College teaches students many, many, useful things that you will use for the rest of your life. Just kidding, I could not tell you half the things I have already learned and forgotten. But hey, Generals are “important.” Moving on. Going into my final year of college I have learned my things specific to my future career field, as well as many things about life, relationships, and being an “adult.”
Here is a collection of skills I have learned, and how I will be using them in my professional life:
Keep: Timeliness.
College has taught me how to manage my time effectively in order to work on multiple projects at once, study for a full-schedule’s worth of tests and somehow manage to get everything done on time.
This will transition smoothly over to the working world where supervisors will be asking many things from you all at once, and you will get them all done brilliantly.
Leave behind: Procrastination.
While procrastination is a worthy skill that every college student has nearly perfected, it does not necessarily work in the workplace. While sometimes just “getting it done” is the most important thing, the work has to still be good. Faking it for a grade is one thing, but faking it for a paying client is another.
While giving a B.S. presentation that was complied in an entire night and presenting on 1 hour and 37 minutes worth of sleep, one 20 ounce Red Bull and four dining all donuts works in college, your superiors will likely notice your facial ticks and the powder sugar on your polo.
Keep: Working Together.
In college I have fine-tuned the ability to cohesively work in a team and contribute an appropriate and fair amount to each task. Working on long-term, large-scale projects as an upperclassman in college has prepared me for the real world.
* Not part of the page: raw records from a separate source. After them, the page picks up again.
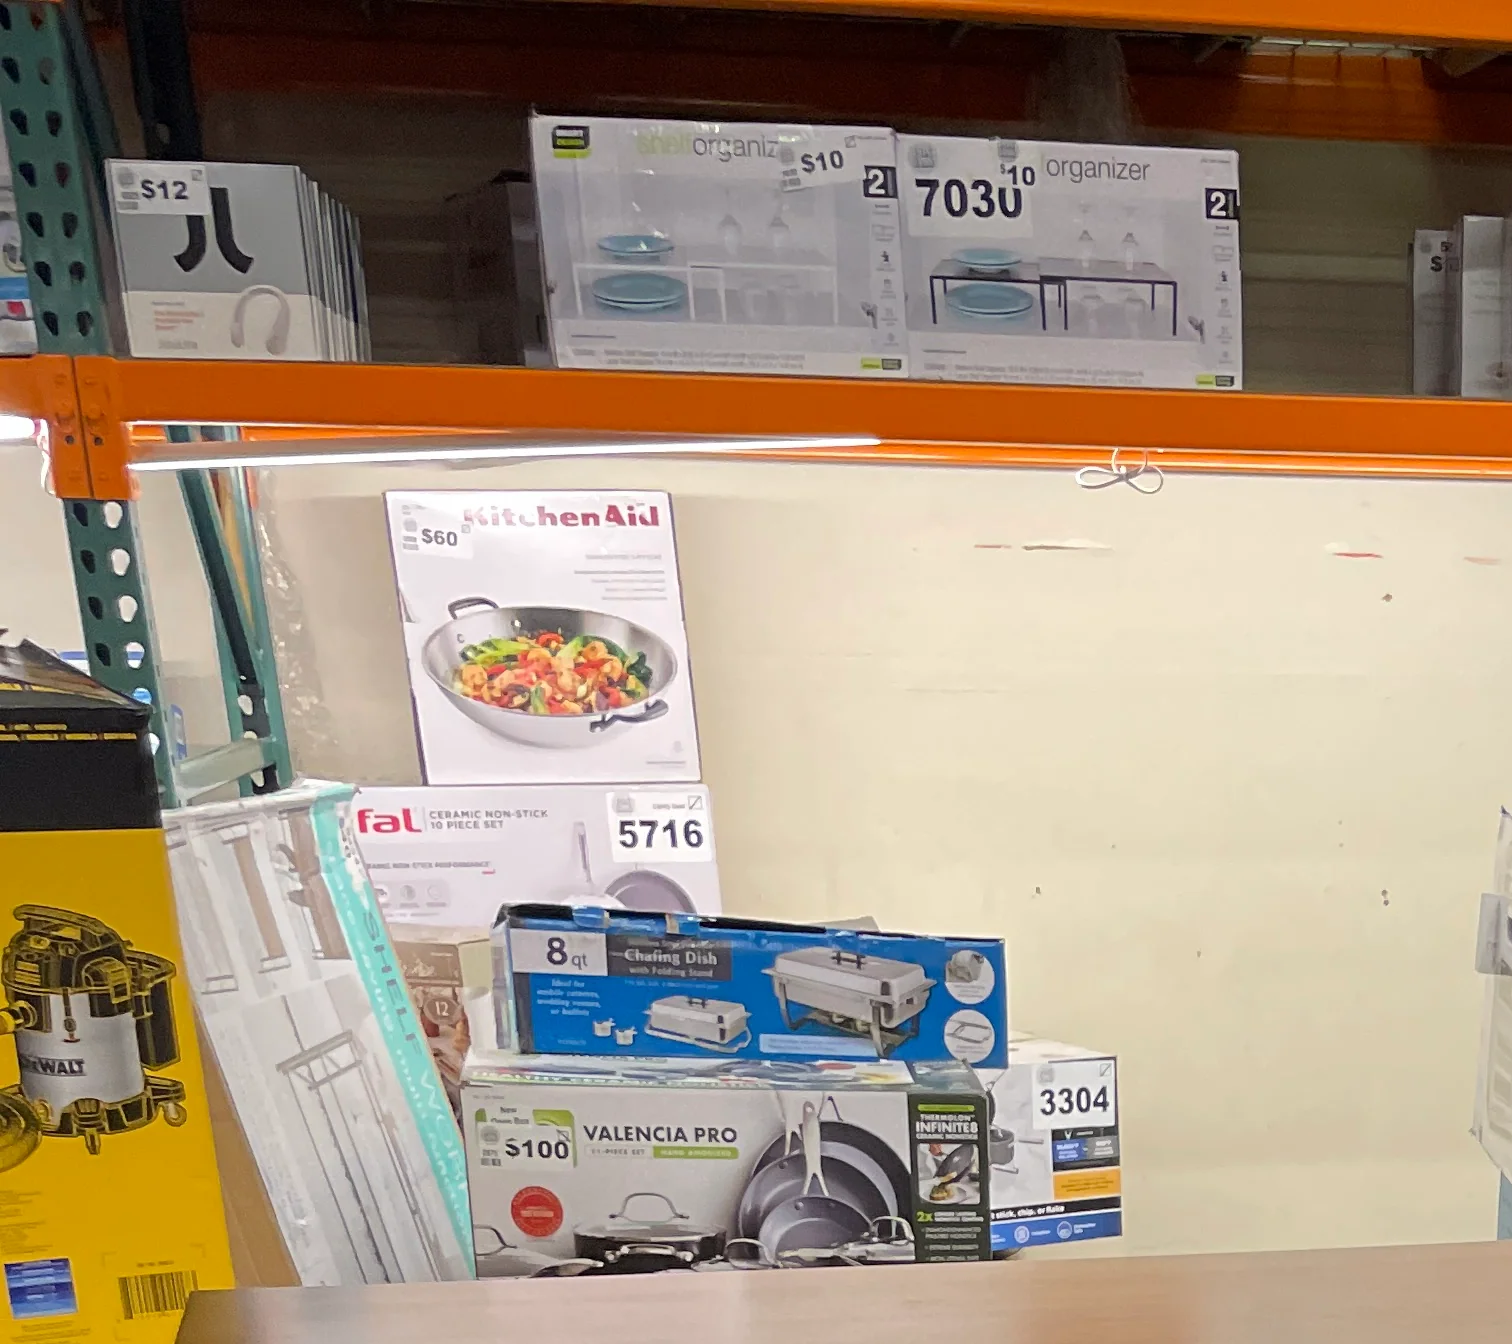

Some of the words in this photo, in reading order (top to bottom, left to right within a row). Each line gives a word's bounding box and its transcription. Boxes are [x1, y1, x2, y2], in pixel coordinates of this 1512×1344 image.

[692, 134, 779, 162] organiz
[800, 150, 844, 174] $10
[1046, 156, 1151, 182] organizer
[866, 169, 886, 194] 2
[1000, 164, 1036, 187] $10
[140, 179, 189, 201] $12
[914, 178, 1023, 218] 7030
[1210, 191, 1227, 217] 2
[463, 503, 660, 528] KitchenAid
[420, 528, 459, 547] $60
[356, 807, 422, 834] fal
[428, 810, 482, 820] CERAMIC
[485, 809, 549, 819] NON-STICK
[446, 820, 481, 830] PIECE
[483, 820, 504, 829] SET
[619, 818, 704, 849] 5716
[546, 936, 568, 966] 8
[571, 953, 589, 970] qt
[624, 948, 680, 967] Chafing
[685, 950, 718, 966] Dish
[434, 1001, 450, 1017] 12
[1039, 1085, 1110, 1116] 3304
[583, 1124, 688, 1143] VALENCIA
[694, 1126, 738, 1143] PRO
[504, 1138, 570, 1160] $100
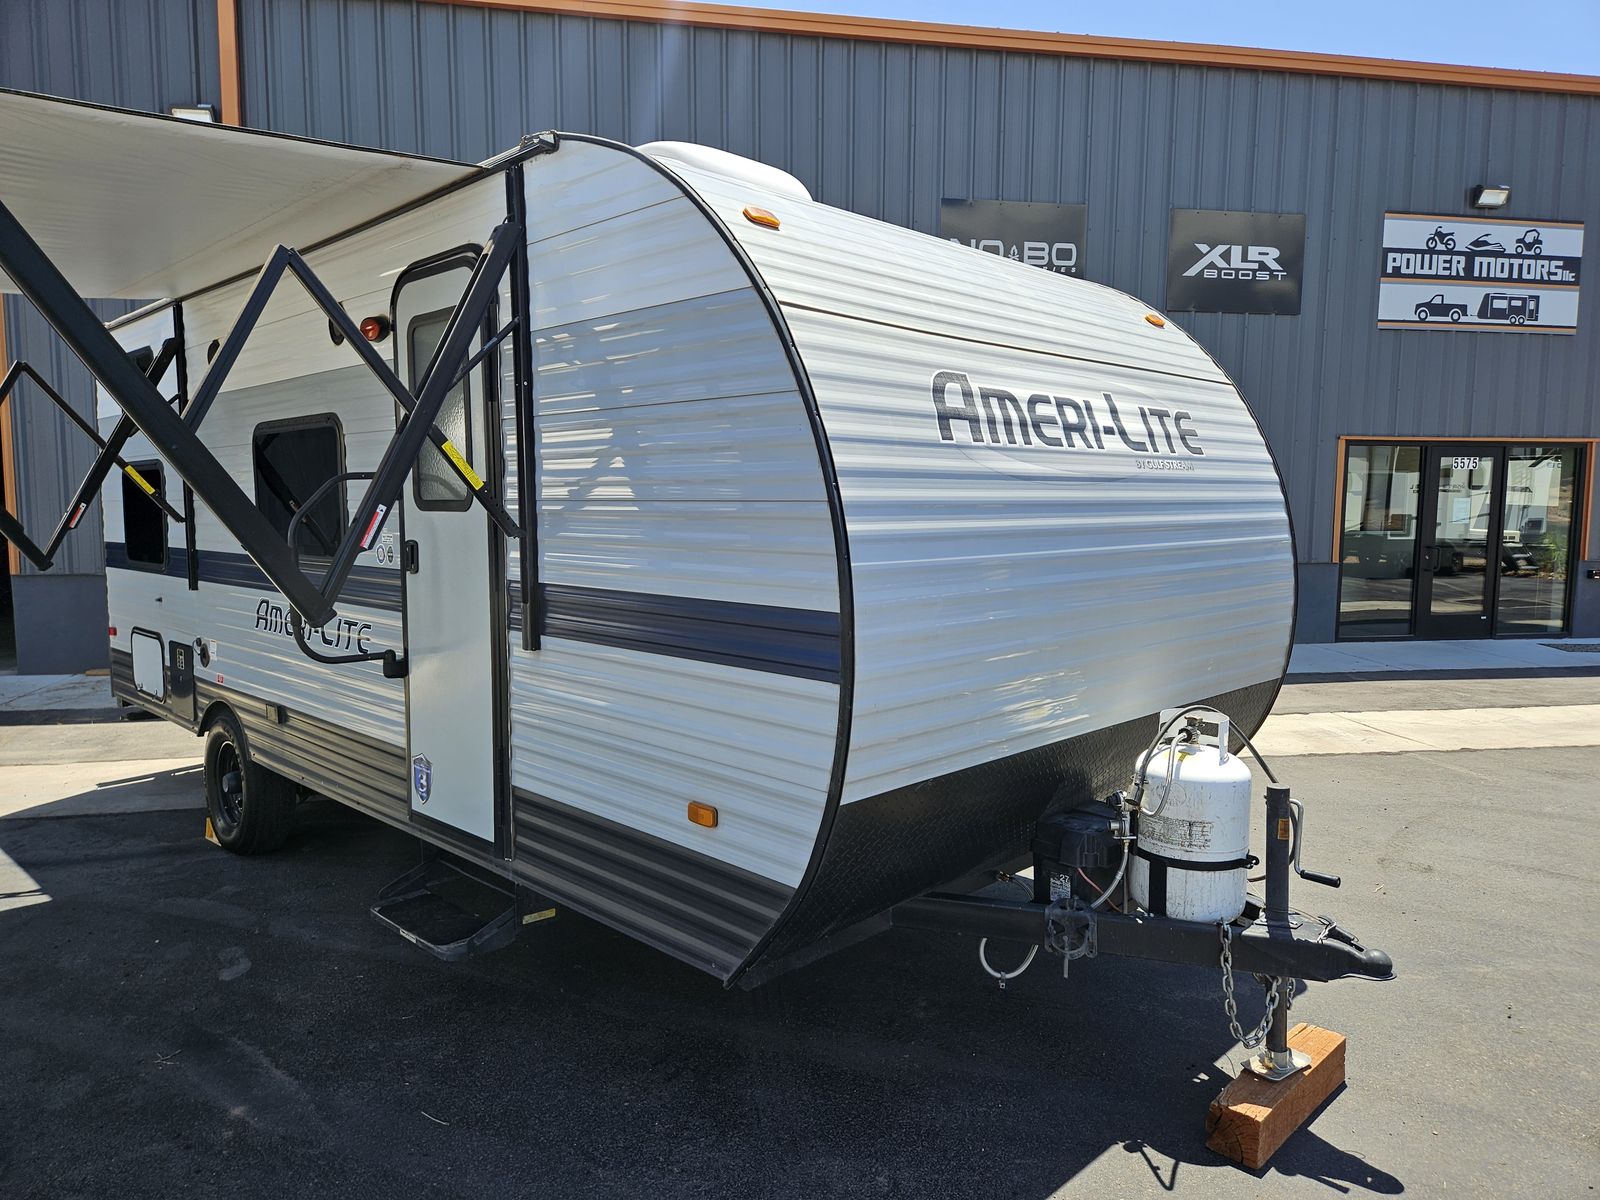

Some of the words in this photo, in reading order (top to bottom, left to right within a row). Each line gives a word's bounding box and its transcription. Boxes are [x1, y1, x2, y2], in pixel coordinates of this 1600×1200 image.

[1181, 243, 1284, 277] XLR
[1386, 252, 1466, 277] POWER
[1473, 256, 1563, 281] MOTORS
[1203, 269, 1287, 281] BOOST
[930, 369, 1205, 455] AMERI-LITE
[1453, 457, 1478, 469] 5575
[1059, 874, 1070, 883] 27
Leave behind: Unfair workloads.
One thing about group projects is that they are awful. Everyone has had that project, that team, that partner that just sucks. Long passed are the days of teamwork being “everybody do your share.” People are lazy, unreliable and sometimes the only thing that can be done is for the rest of the team, or you, step up and crush it. The benefit of groups in the professional world is that lack of participation will lead to someone likely getting fired, not just causing added stress.
Keep: Openness.
Communicating effectively, efficiently, and professionally is honestly one of the most important skills I have learned in college. I now have the ability to share my thoughts and ideas in a manner that will get myself understood and heard.
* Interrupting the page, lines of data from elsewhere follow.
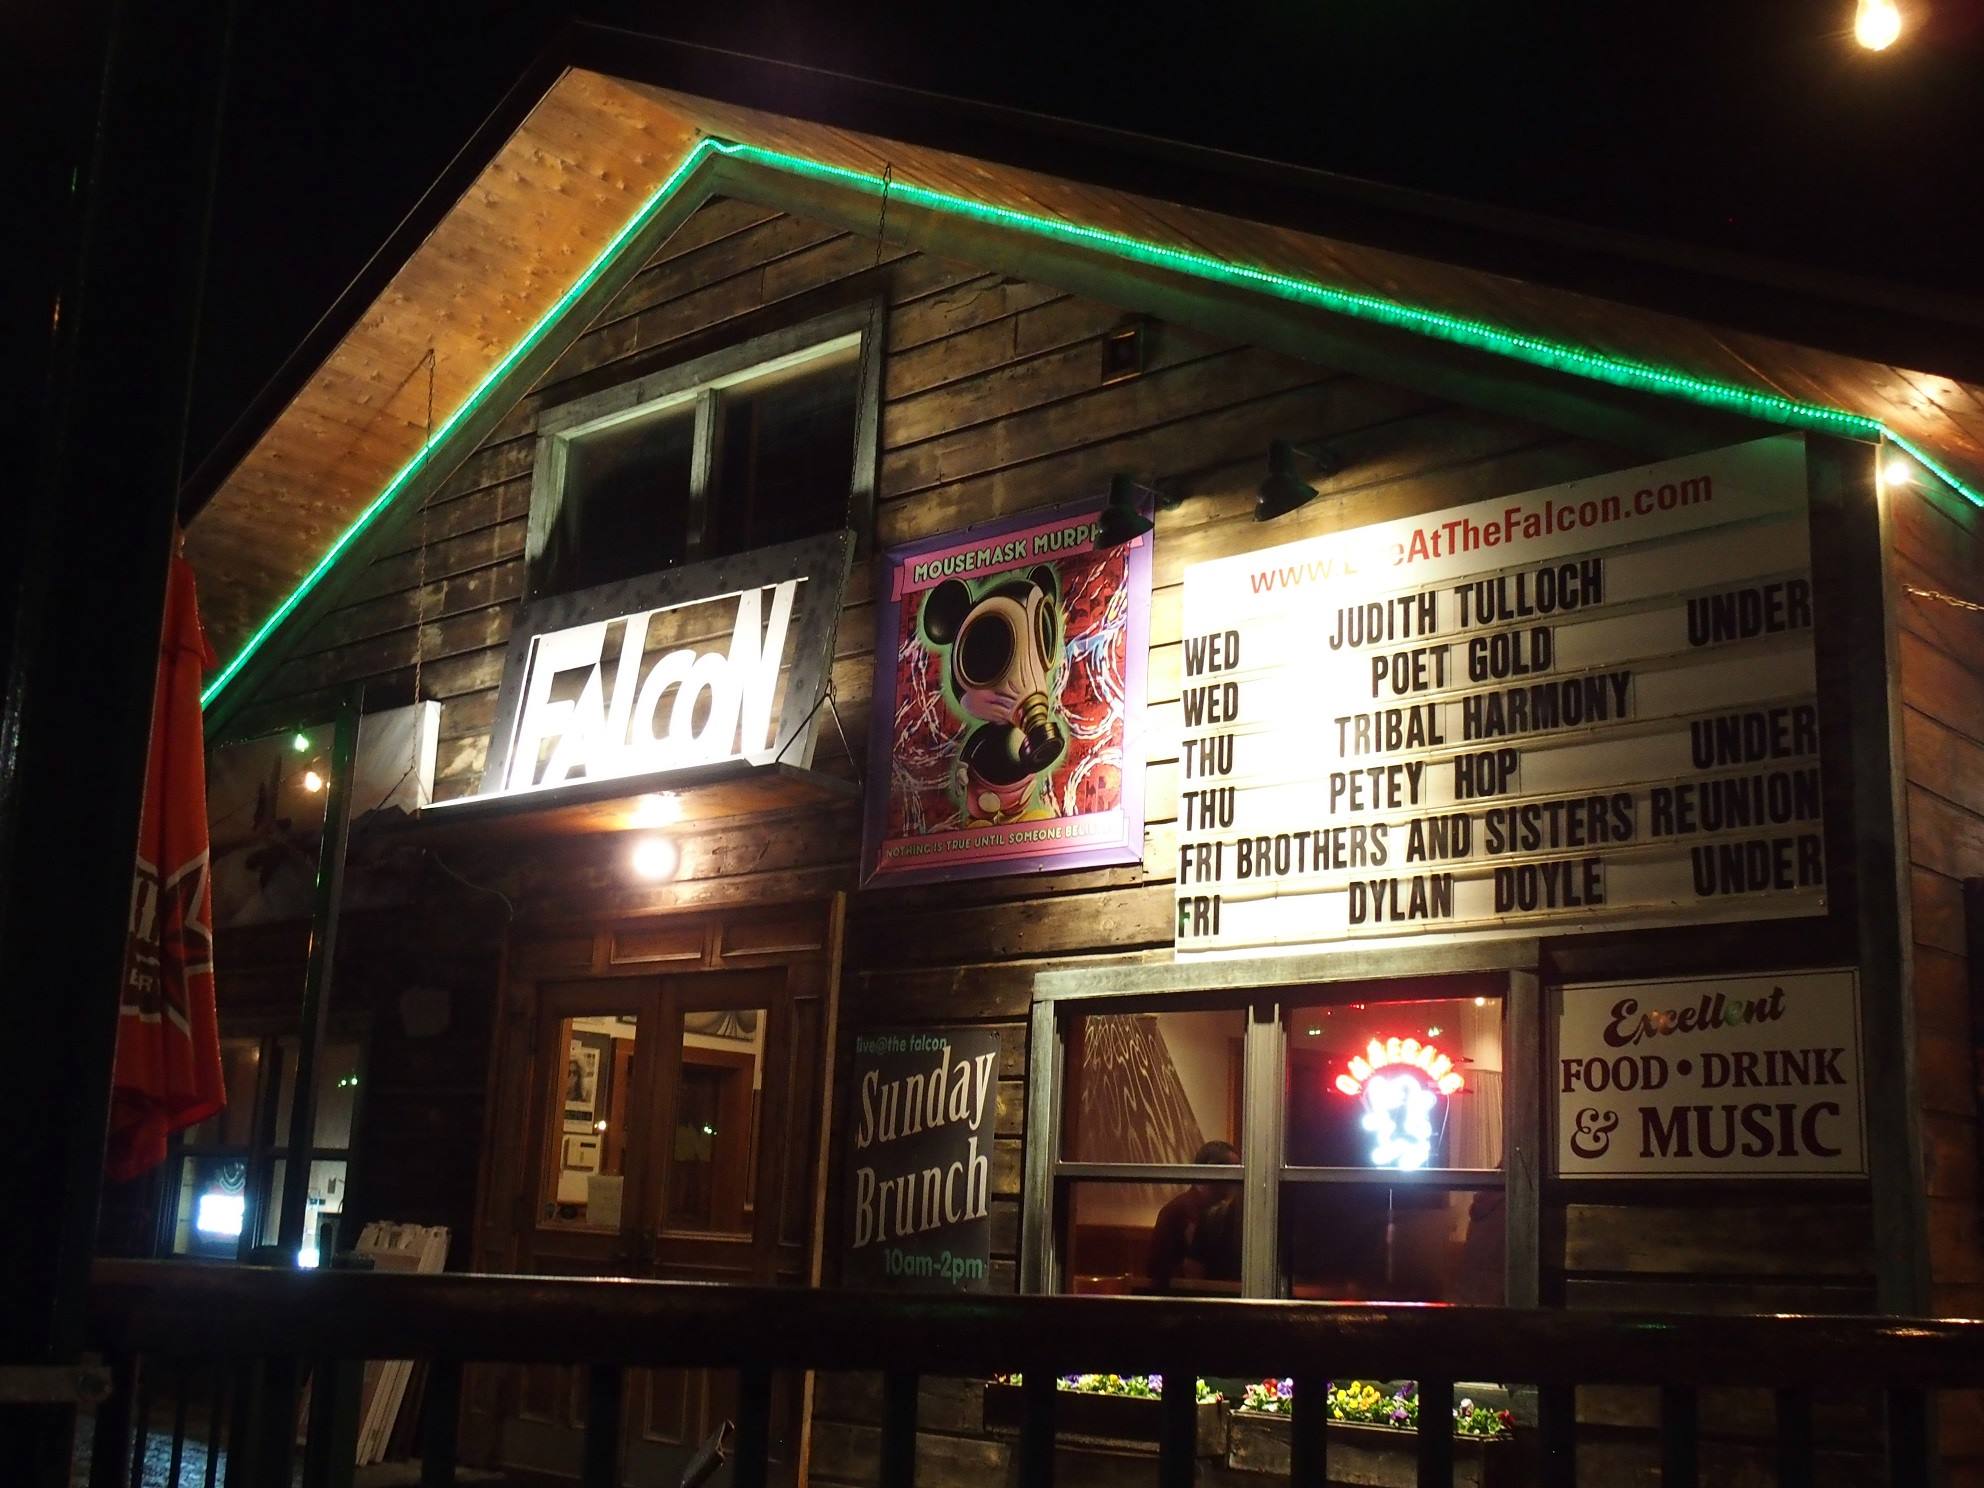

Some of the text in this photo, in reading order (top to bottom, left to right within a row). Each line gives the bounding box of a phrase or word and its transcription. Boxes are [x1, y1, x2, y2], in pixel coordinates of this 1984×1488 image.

[1034, 521, 1102, 556] MURPH
[1182, 578, 1812, 727] WED POET GOLD UNDER
[1184, 558, 1602, 677] WED JUDITH TULLOCH
[1182, 670, 1631, 779] THU TRIBAL HARMONY
[1182, 704, 1817, 831] THU PETEY HOP UNDER
[886, 844, 932, 858] NOTHING
[946, 838, 971, 851] TRUE
[974, 834, 1005, 847] UNTIL
[1008, 827, 1062, 844] SOMEONE
[1180, 769, 1820, 885] FRI BROTHERS AND SISTERS REUNION
[1178, 834, 1823, 938] FRI DYLAN DOYLE UNDER
[910, 1033, 948, 1052] falcon
[1561, 1048, 1848, 1093] FOOD DRINK
[857, 1045, 997, 1149] Sunday
[1570, 1102, 1843, 1159] & MUSIC
[852, 1136, 989, 1249] Brunch
[883, 1247, 984, 1284] 10am-2pm
This will be one of the most important skills I will use in the competitive workplace. Being able to communicate my thoughts and ideas while standing out, without sticking out, will put my once step closer to achieving my goals.
Leave behind: Profanity.
College campuses are insanely vulgar places. While honesty and speaking one’s mind happens all the time, so do additional exclamations. Frequent profanity is something myself and 95% of all college students have to filter out of our daily dialect upon graduation. In most cases it will not be common place nor professional nor appropriate and can get one in hot water pretty quickly.
4. Expressing One's Self
Keep: Staying True to You.
College is where most people find themselves and what they are truly passionate about, or at least it is a great start. The real world is a scary place, and college is a little protective bubble for the most part. Decisions will have to be made between choosing a career that makes one happy or one that pays well. Sadly, entry-level positions do not offer the best of both worlds. Not straying too far from one's moral compass in the name of professional success is something everyone will have to deal with.Leave behind: Over-Sensitivity.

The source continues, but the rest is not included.